いつも通りの一日が過ぎると思われていた。
その時までは。
「――ん、これは……?」
「どうしたんだね、青葉君?」
「まだ弱いですがレーダーに反応です。女生徒かと思われます」
「通りがかっただけか?」
「現在、進行方向解析中です。進行方向から予測進路を割り出します」
「ああ、頼む」
「予測進路出ました――こ、これは!?」
青葉からは血の気が引いていた。
「どうした?」
「予測進路……男子寮! あと6分20秒で正面玄関に接触しますッ! 誤差±10秒!」
「なにぃ!?」
「目標付近にいる巡視生タニグチから入電! 繋ぎます」
「――青葉よりタニグチ。目標の様子は?」
『……ザザ……レベルが……ザザザ……高すぎるん……どうすりゃいいんだよっ!!』
「え!? なに!? 聞こえないっ!! レベルが!? 高すぎる!?」
『そうだ!! 目標のレベルが高すぎて校内女子と比較ができないッ!! いいか!? レベルが高すぎて比較対象がいないッ!!』
『巡視生タニグチ及びクニキダ、接近を試みるッ!』
「いかん!! 目標の戦力もわからないうちに特攻は危険だッ!!」
「寮長、無駄です! タニグチ、目標と接触ッ!」
『……お嬢さん、僕とお茶でも……え、ごめん…なさい?……ぐああああーーーっ――プツンッ』
「巡視生タニグチ、轟沈!」
「同クニキダより入電。
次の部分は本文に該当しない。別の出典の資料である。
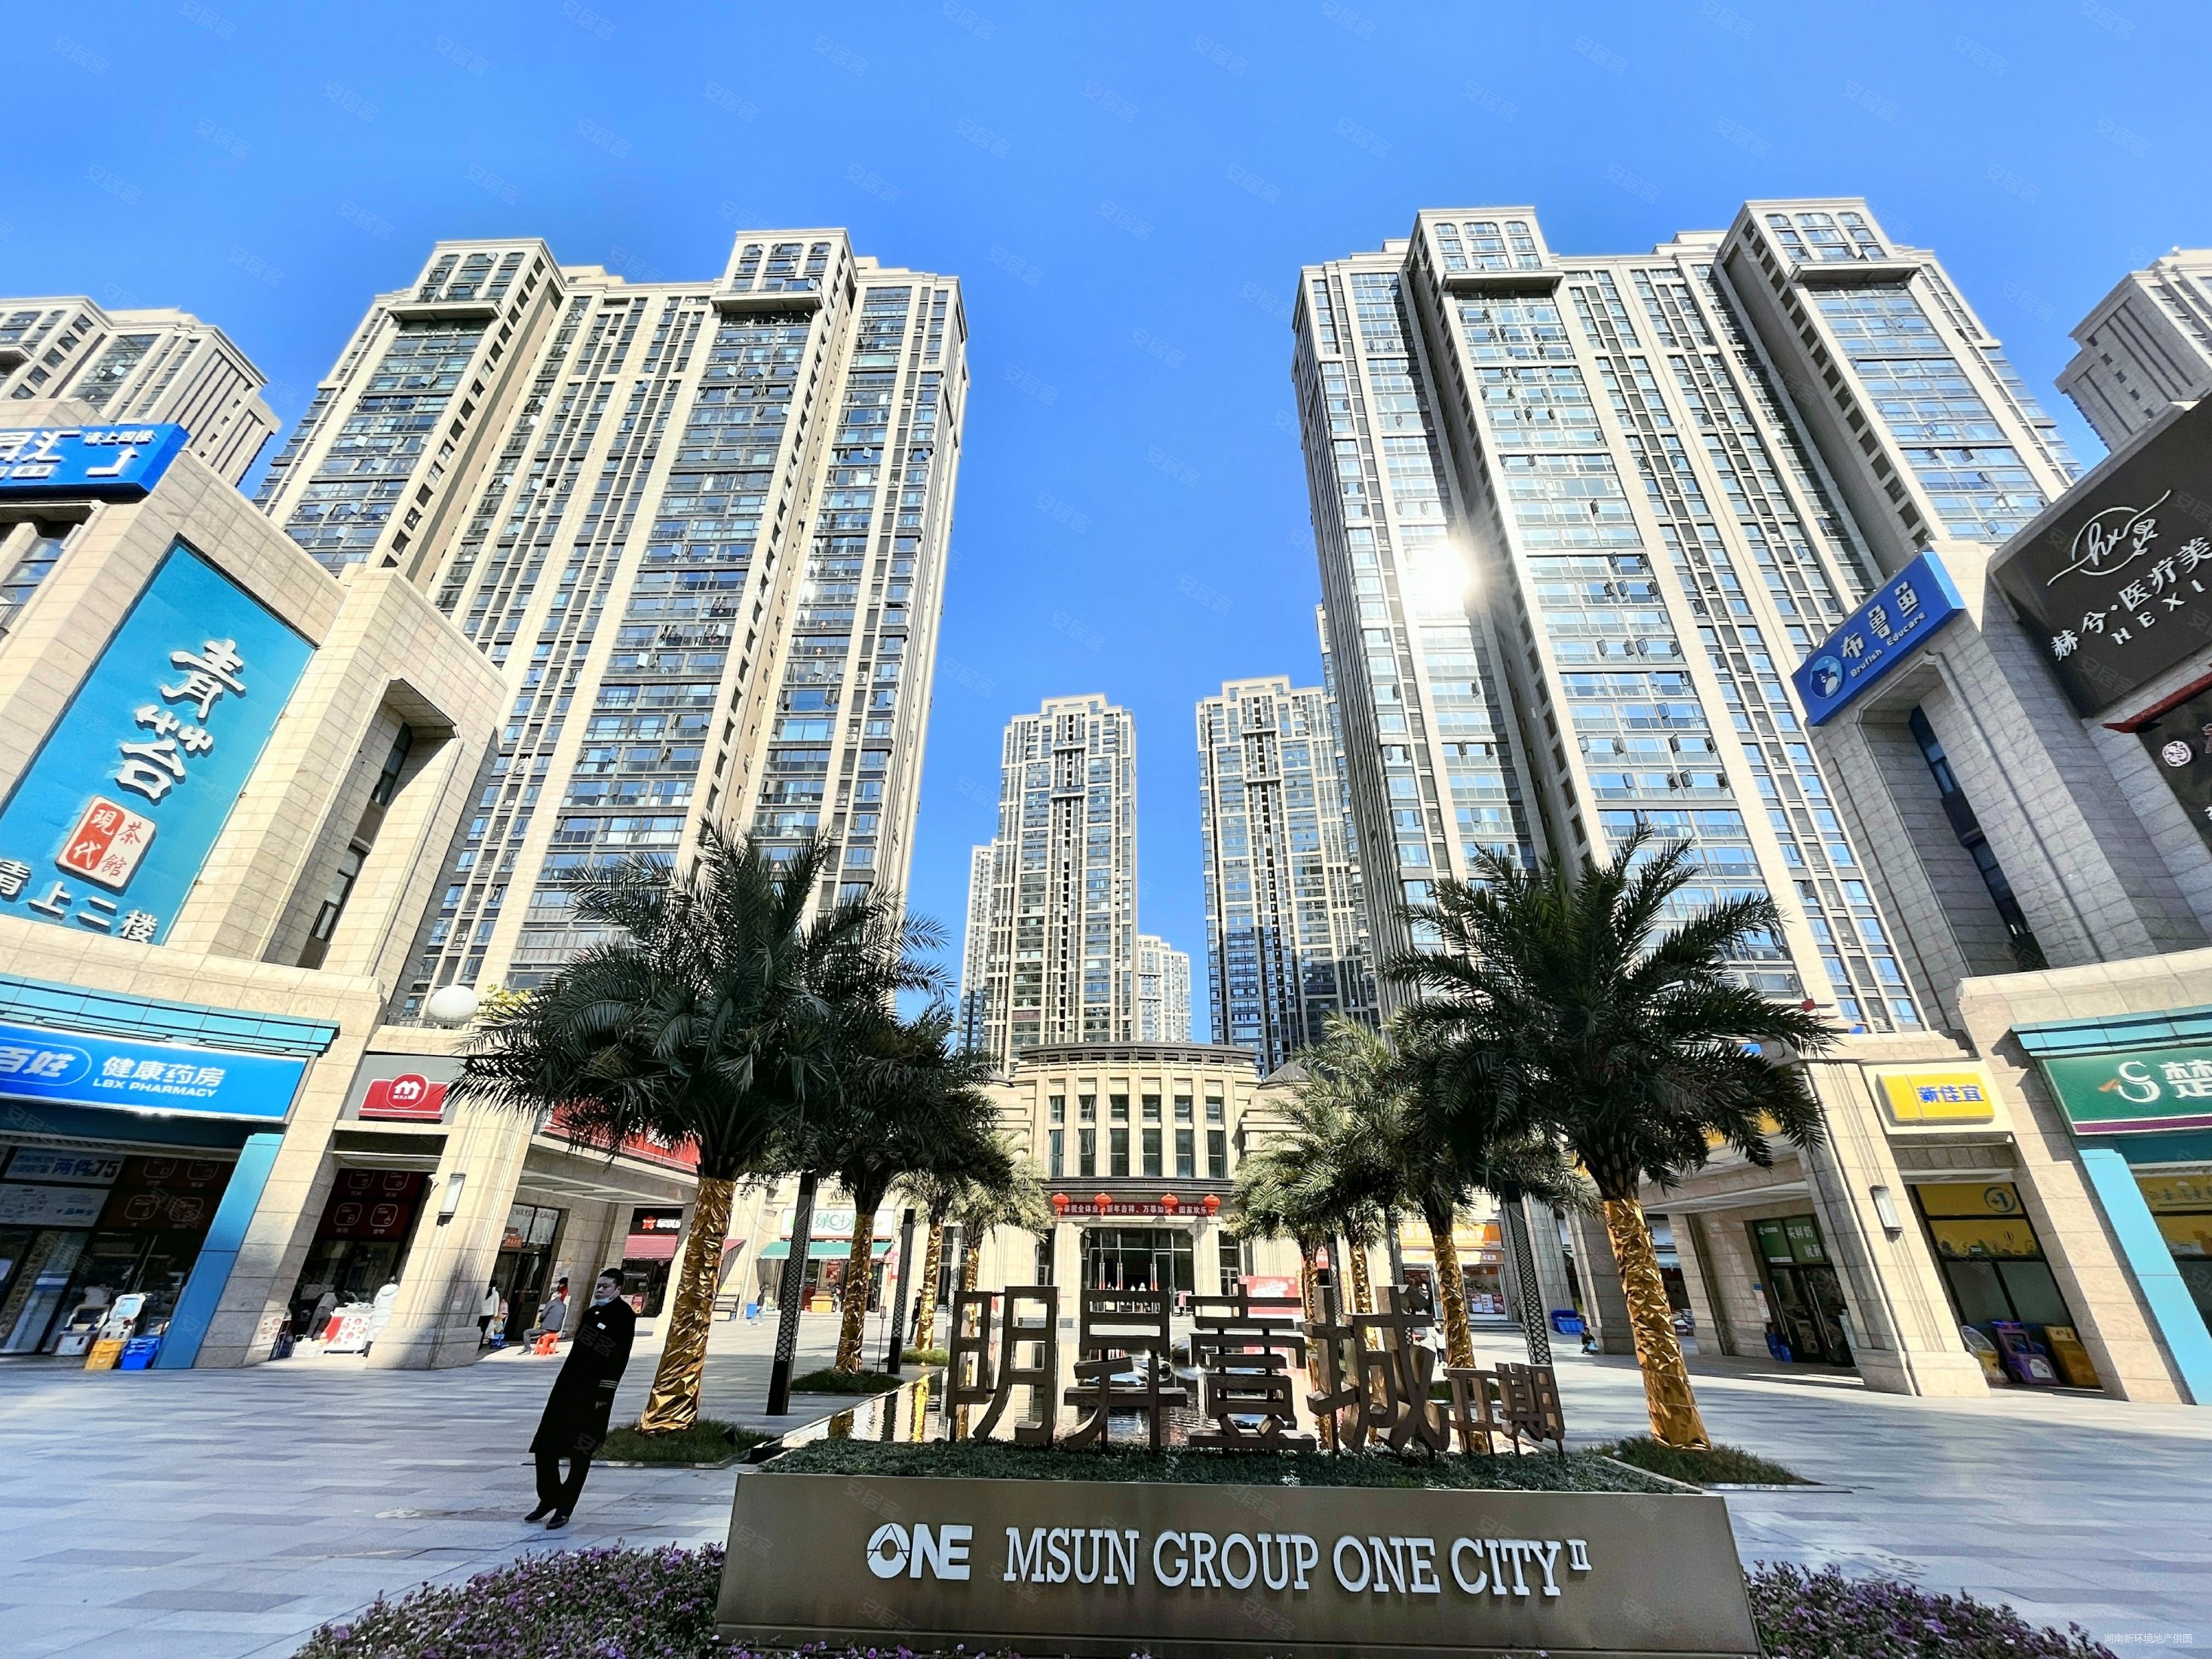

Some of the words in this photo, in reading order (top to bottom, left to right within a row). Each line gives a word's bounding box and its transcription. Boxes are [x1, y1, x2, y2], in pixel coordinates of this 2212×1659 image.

ワレ操舵フノウ、ワレ操舵フノウ」
「日向君、映像は出せんのかね!?」
「男子寮屋上設置の超高解像度望遠カメラ、起動させます」
日向がキーボードに手を走らせるのと同時に、寮長室に設置された50インチディスプレイが起動。さらに青葉が双眼鏡を持ち、窓に駆け寄った。
「目標を肉眼で確認ッ! こ、こいつは――」
「――映像、来ます」
青葉が驚愕の表情で寮長に向き直ったのと、日向が操作したディスプレイの映像が同時に現れた。
「目標、かなりのべっぴんさんですッ!!」
何かに気付いた日向が女生徒の後ろの人影を拡大した。
「井ノ原真人と宮沢謙吾ですッ!! 目標が井ノ原真人と宮沢謙吾を従えていますッ!!」
「なんだと!? 来ヶ谷唯湖でさえ手懐けられない狂犬だぞ!? 目標はまさか……リトルバスターズかね!?」
コンソールにデータを叩き込む日向。だが。
「データベース該当なし! リトルバスターズではありませんっ!!」
「いや、待て日向……」
青葉のPCを操作する手が凍結したかのように止まった。その顔も青ざめている。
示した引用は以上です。